Entries provided Start Marker

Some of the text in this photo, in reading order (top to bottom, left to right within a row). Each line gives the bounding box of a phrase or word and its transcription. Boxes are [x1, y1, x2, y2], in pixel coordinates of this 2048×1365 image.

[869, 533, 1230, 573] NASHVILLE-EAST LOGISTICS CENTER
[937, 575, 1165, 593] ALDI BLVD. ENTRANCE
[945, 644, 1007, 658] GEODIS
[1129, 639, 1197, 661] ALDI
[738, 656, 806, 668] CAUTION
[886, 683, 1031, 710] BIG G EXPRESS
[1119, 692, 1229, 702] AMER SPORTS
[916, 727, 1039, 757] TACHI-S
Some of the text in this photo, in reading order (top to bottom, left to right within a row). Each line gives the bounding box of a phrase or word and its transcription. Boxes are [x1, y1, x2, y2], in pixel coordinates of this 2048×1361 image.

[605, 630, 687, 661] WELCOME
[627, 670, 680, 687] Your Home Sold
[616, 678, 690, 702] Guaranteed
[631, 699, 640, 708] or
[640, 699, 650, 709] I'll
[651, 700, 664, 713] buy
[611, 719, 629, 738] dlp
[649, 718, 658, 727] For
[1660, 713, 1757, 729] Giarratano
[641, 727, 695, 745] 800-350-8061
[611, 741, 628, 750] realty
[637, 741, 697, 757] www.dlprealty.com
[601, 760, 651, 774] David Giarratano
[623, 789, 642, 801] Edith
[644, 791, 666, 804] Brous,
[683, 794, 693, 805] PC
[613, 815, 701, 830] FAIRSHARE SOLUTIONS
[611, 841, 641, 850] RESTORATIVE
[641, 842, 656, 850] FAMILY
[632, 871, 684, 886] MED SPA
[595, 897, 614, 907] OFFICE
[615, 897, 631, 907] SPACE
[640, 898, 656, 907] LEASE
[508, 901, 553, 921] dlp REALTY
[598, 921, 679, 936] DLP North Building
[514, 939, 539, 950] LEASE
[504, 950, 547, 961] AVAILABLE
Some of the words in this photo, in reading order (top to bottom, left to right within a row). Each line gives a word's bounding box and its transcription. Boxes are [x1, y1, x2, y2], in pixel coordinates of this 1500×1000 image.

Entries provided End Marker

• Activity: What is needed here is an exact transcription of the records above.

• Expected answer:
Some of the text in this photo, in reading order (top to bottom, left to right within a row). Each line gives the bounding box of a phrase or word and its transcription. Boxes are [x1, y1, x2, y2], in pixel coordinates of this 2048×1365 image.

[869, 533, 1230, 573] NASHVILLE-EAST LOGISTICS CENTER
[937, 575, 1165, 593] ALDI BLVD. ENTRANCE
[945, 644, 1007, 658] GEODIS
[1129, 639, 1197, 661] ALDI
[738, 656, 806, 668] CAUTION
[886, 683, 1031, 710] BIG G EXPRESS
[1119, 692, 1229, 702] AMER SPORTS
[916, 727, 1039, 757] TACHI-S
Some of the text in this photo, in reading order (top to bottom, left to right within a row). Each line gives the bounding box of a phrase or word and its transcription. Boxes are [x1, y1, x2, y2], in pixel coordinates of this 2048×1361 image.

[605, 630, 687, 661] WELCOME
[627, 670, 680, 687] Your Home Sold
[616, 678, 690, 702] Guaranteed
[631, 699, 640, 708] or
[640, 699, 650, 709] I'll
[651, 700, 664, 713] buy
[611, 719, 629, 738] dlp
[649, 718, 658, 727] For
[1660, 713, 1757, 729] Giarratano
[641, 727, 695, 745] 800-350-8061
[611, 741, 628, 750] realty
[637, 741, 697, 757] www.dlprealty.com
[601, 760, 651, 774] David Giarratano
[623, 789, 642, 801] Edith
[644, 791, 666, 804] Brous,
[683, 794, 693, 805] PC
[613, 815, 701, 830] FAIRSHARE SOLUTIONS
[611, 841, 641, 850] RESTORATIVE
[641, 842, 656, 850] FAMILY
[632, 871, 684, 886] MED SPA
[595, 897, 614, 907] OFFICE
[615, 897, 631, 907] SPACE
[640, 898, 656, 907] LEASE
[508, 901, 553, 921] dlp REALTY
[598, 921, 679, 936] DLP North Building
[514, 939, 539, 950] LEASE
[504, 950, 547, 961] AVAILABLE
Some of the words in this photo, in reading order (top to bottom, left to right within a row). Each line gives a word's bounding box and its transcription. Boxes are [x1, y1, x2, y2], in pixel coordinates of this 1500×1000 image.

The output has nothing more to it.